Thursday, August 6, 2009

Hiroshima Transfigured

August 6, 2009
Hiroshima Day

To observe "Hiroshima Day" is to acknowledge a critical fact of our existence as human beings: we have invented the means to destroy ourselves. In the glow of Hiroshima the moment of total annihilation is fully imaginable as an 'anthropogenic' after-effect of our brilliance, our capacity for invention. To acknowledge this day, then, is to acknowledge the new form or dimension of Evil that is our unprecedented capacity to wreak destruction on our entire planet and species. In using this quaint and venerable term Evil I mean to identify the invention and deployment of nuclear weapons with the much deeper human capacity to inflict pain or harm, to overpower and destroy. On this Hiroshima Day I want to invoke the specific responsibility we bear as Americans for the destruction of Hiroshima, of Nagasaki, of Tokyo, Hamburg, Dresden, for all the incinerated civilians (ONE MILLION of them between Jan. and Aug. 1945, says James Carroll in yesterday's Globe).

On Hiroshima Day we accept this Evil as our legacy. In this respect we are the spiritual descendants, let's say, of Ghengis Khan and the Mongol horde, of Huns and Visigoths, of Romans, crusaders, conquistadores. Heirs, just say it, to the Third Reich. (Not, of course in many essential ways, but in the specific way of industrially-scaled destructiveness, yes.) On Hiroshima Day we acknowledge our kinship with the Serbians, the Hutu, the Khmer Rouge. In the one million civilian deaths we answer for in 1945 and the millions more since, in Vietnam, in Iraq and elsewhere, we measure the depth of our Fall as human beings.

When I confront matters as weighty as this day raises, I often refer myself to the Christian gospels (as seen through a left-wing Anglican lens). In that tradition I observe that, as if by some dark prophecy, August 6 has long been observed as the Feast of the Transfiguration, a day that celebrates the bizarre anecdote recorded in all three synoptic gospels when Jesus ascends the mountain and is ... irradiated.
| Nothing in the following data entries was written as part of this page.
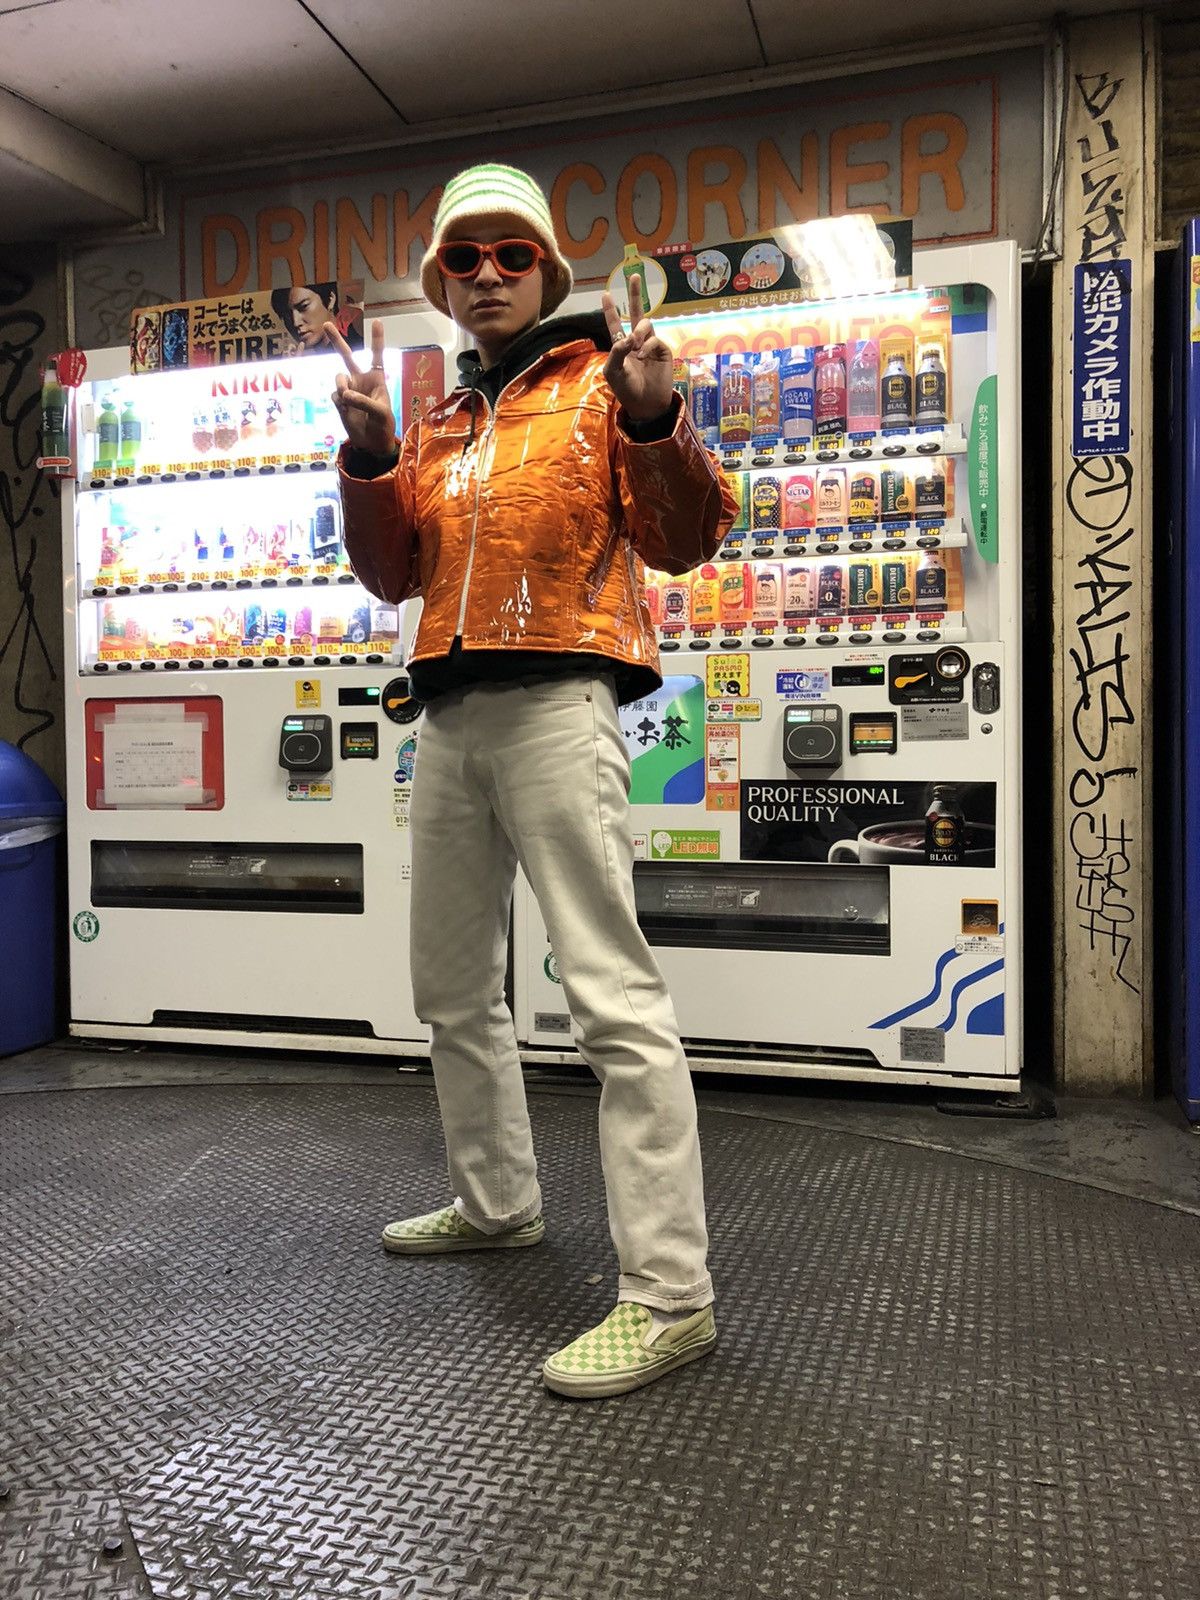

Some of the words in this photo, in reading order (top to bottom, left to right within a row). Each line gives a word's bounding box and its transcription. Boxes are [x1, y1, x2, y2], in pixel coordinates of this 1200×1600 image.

[202, 185, 443, 297] DRINK
[550, 111, 969, 260] CORNER
[194, 297, 254, 319] コーヒーは
[193, 314, 277, 338] 火でうまくなる。
[1081, 271, 1122, 442] 防犯カメラ作動中
[211, 371, 293, 397] KIRIN
[748, 786, 905, 805] PROFESSIONAL
[748, 805, 839, 823] QUALITY
[929, 853, 959, 862] BLACK
Taken up, that is, by God-force and visibly seared with other-worldliness. You see him thus, in Raffaelo's rendition above, and in so many spectacular icons of the Transfiguration, a figure of luminous transcendence.

It is surely a scandalous fact that these observances of Hiroshima and the Transfiguration should coincide. It is perhaps true that the silhouettes of the incinerated residents of that city, radiographed onto the streets and sidewalks and preserved to us in that iconic form, bear a macabre resemblance to many of the Transfigured Jesuses you will find in Christian iconic tradition. But can the imagery of Evil and Good in their (dare I say) absolute forms be in any way conjoined? What are we to make of this outrageous coincidence?
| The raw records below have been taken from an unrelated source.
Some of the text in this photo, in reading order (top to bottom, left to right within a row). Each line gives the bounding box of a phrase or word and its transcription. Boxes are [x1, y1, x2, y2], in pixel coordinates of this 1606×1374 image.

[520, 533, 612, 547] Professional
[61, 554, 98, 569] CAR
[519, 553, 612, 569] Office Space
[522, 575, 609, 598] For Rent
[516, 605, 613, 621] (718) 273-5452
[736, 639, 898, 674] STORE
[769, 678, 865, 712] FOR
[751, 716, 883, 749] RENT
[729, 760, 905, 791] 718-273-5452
I want to suggest that there are two ways to read Hiroshima Day as Transfiguration. One way, not mine, would understand the Bomb, and the human drive toward annihilation more generally, to represent our passage toward the biblical Apocalypse, the fulfillment of God's Plan. Hiroshima in this view prefigures the consuming fire--whether atomic, climatic, or some other catastrophe--with which we will all someday be aglow. I reject this interpretation from Rapturists and End-timers and such, in that it seems to align God absurdly with Evil. But another way is to understand Hiroshima Day as a challenge for us to transcend ourselves, to climb the mountain, to become a transfigured people. In this vision the memory of the atomic holocaust renews us in our determination to live peaceably and work together to avert or mitigate the worst effects of our destructive technologies. If we understand Hiroshima Day in this way, we can see ourselves in it, aglow with the demand for peace with justice.


At November 16, 2009 at 6:32 AM , Blogger muzuzuzus said...

I am against all war, but Hiroshima....!

Hiroshima and others that had nuclear bombs dropped on them totally wiped out the very web of life of the area. It is a crime against nature, reality!